■ WHAT IS NEEDED:
Below are the records; collect from them each line containing the string "Breedte".

■ Saved entries:
────────────────

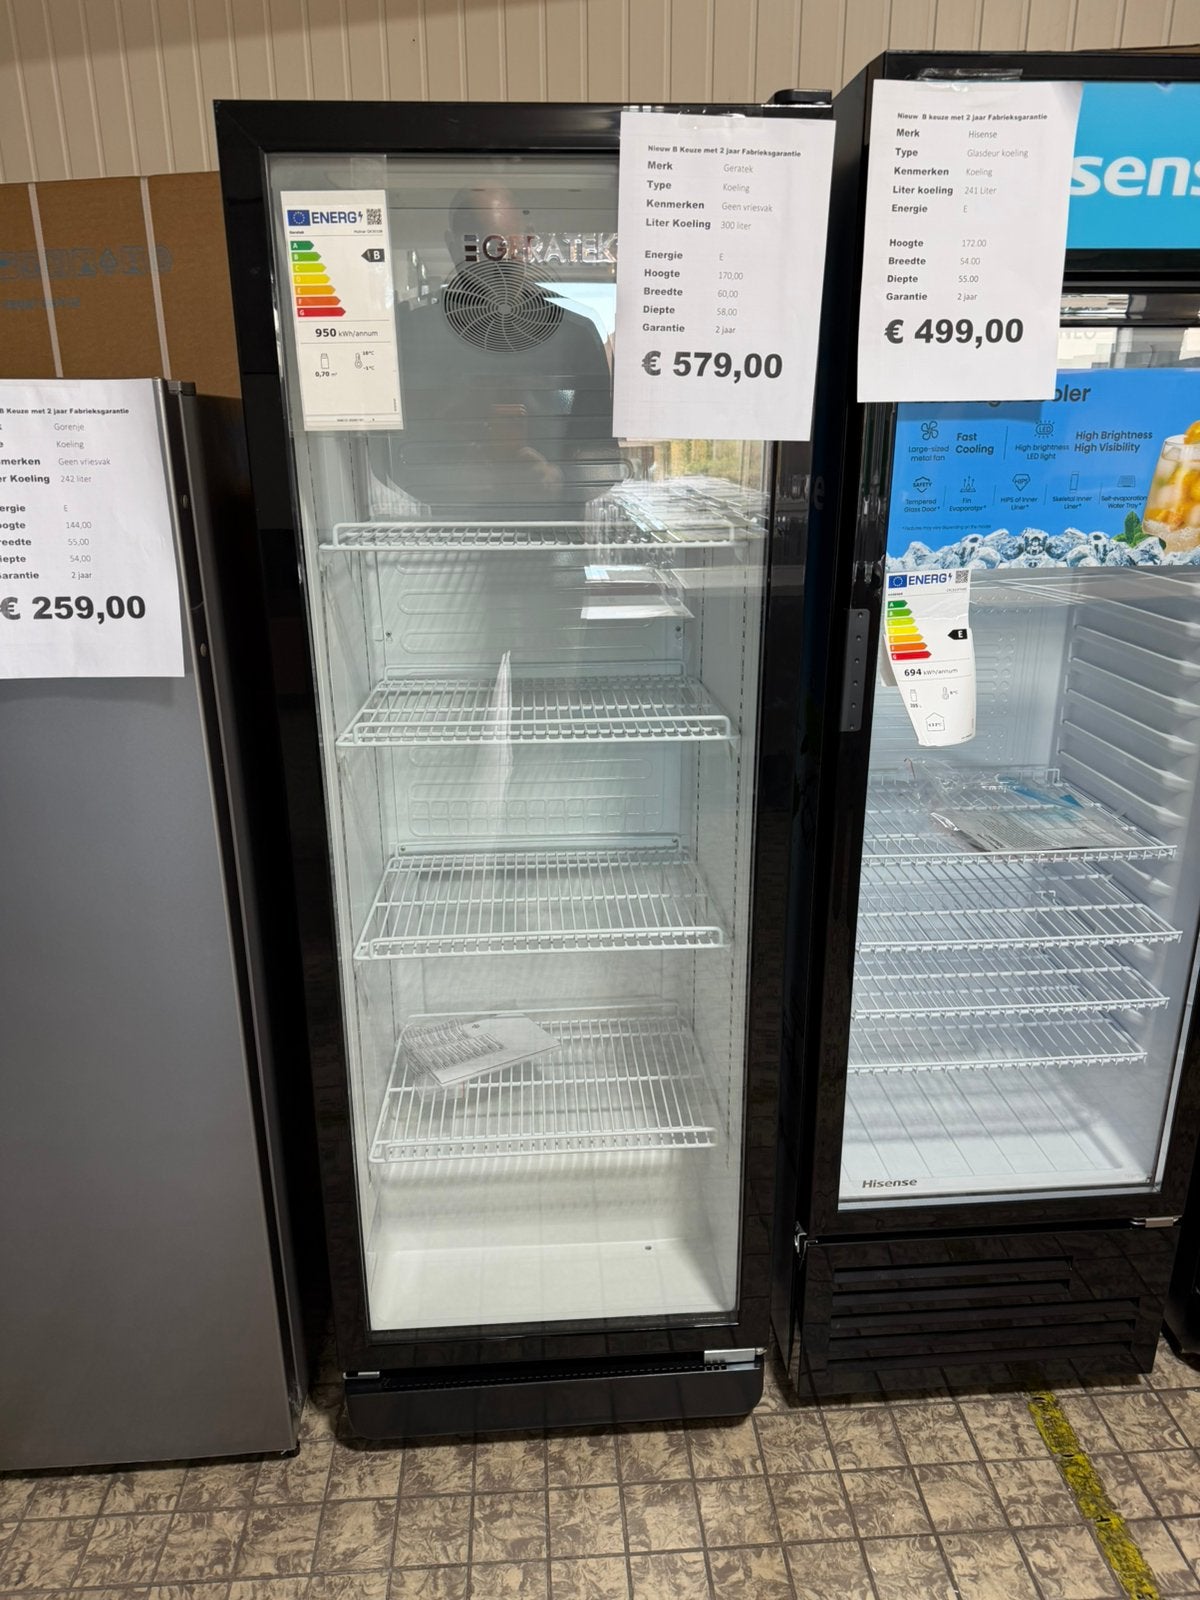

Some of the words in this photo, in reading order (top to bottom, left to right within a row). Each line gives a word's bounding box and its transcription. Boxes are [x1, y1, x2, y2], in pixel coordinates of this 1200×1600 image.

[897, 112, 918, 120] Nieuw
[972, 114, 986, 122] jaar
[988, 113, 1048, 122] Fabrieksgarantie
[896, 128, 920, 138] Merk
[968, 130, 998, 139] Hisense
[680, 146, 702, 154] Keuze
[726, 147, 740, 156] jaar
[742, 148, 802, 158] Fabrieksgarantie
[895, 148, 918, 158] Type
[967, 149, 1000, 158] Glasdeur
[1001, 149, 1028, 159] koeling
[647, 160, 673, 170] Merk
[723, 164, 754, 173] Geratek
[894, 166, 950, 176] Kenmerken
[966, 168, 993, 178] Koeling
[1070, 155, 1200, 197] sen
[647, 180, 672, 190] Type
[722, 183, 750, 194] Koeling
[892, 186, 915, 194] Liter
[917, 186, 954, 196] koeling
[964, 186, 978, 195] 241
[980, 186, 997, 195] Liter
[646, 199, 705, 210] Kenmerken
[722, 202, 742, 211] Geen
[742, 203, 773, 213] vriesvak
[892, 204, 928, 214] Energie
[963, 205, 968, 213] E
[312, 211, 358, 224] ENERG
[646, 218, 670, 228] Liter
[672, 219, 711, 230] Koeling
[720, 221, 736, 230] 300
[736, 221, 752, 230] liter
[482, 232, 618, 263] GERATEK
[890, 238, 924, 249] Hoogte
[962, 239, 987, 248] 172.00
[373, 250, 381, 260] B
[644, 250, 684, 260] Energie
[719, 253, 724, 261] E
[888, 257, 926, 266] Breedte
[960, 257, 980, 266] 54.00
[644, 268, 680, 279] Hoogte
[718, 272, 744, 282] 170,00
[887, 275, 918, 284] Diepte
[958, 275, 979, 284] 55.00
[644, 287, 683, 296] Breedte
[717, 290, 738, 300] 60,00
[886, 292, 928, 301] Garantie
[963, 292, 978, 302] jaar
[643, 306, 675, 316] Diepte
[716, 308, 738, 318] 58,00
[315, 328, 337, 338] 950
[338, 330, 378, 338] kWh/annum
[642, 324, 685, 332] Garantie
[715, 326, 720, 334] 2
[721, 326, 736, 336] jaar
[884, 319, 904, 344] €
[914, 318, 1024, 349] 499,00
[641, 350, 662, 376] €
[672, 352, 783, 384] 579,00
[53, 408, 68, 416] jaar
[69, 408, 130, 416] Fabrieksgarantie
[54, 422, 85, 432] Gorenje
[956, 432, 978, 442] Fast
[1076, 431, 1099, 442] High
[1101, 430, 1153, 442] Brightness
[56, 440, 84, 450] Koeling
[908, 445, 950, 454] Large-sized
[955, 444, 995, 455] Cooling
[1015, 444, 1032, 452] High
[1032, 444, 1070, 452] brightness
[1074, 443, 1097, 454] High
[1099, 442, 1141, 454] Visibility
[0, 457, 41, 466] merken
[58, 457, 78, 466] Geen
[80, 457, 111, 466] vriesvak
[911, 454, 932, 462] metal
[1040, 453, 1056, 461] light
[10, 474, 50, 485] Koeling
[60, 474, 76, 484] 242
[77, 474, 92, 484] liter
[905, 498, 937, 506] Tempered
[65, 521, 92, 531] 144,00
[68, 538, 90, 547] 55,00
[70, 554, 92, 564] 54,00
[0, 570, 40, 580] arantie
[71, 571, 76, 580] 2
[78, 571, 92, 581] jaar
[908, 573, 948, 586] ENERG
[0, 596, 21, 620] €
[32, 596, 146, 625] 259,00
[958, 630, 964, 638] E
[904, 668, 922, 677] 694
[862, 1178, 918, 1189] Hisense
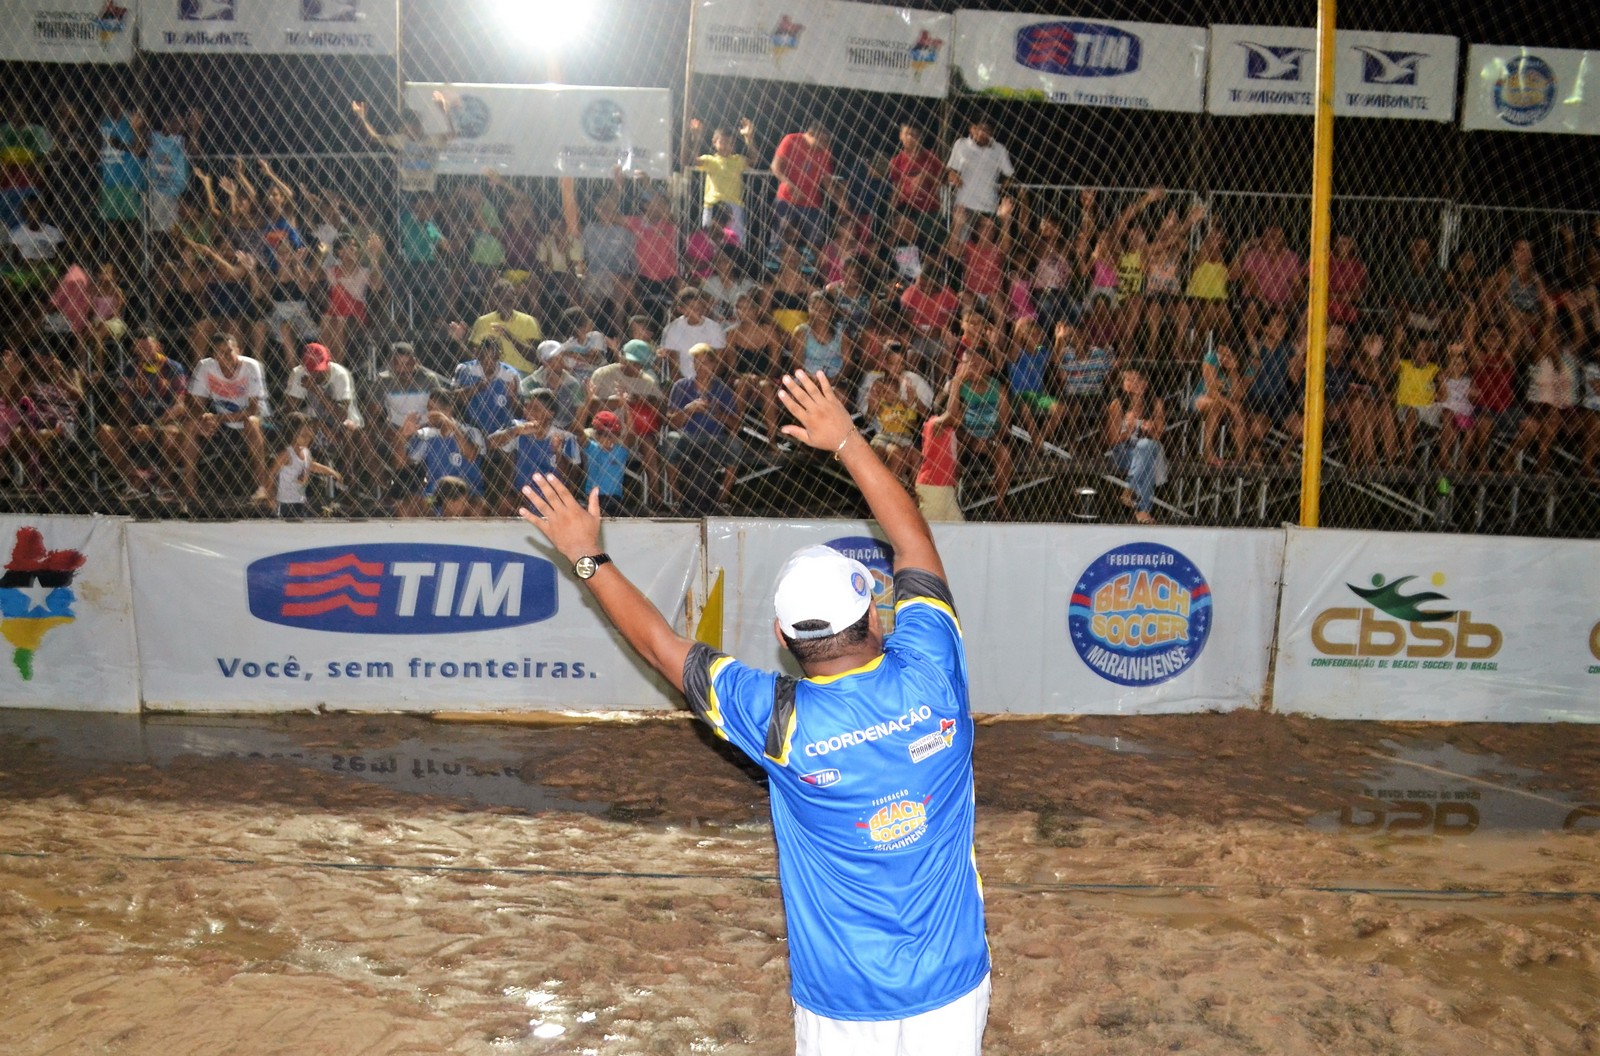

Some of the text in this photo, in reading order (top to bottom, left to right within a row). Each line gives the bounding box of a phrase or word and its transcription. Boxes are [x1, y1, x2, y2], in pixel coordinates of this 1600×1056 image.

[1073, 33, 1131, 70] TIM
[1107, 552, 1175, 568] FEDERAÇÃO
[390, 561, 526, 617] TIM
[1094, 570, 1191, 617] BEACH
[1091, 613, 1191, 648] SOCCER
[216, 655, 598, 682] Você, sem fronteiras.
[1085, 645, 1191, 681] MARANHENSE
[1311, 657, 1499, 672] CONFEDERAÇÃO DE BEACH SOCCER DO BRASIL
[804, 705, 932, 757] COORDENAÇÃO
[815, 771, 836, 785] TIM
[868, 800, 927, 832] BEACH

────────────────

■ WRITTEN RESPONSE:
[888, 257, 926, 266] Breedte
[644, 287, 683, 296] Breedte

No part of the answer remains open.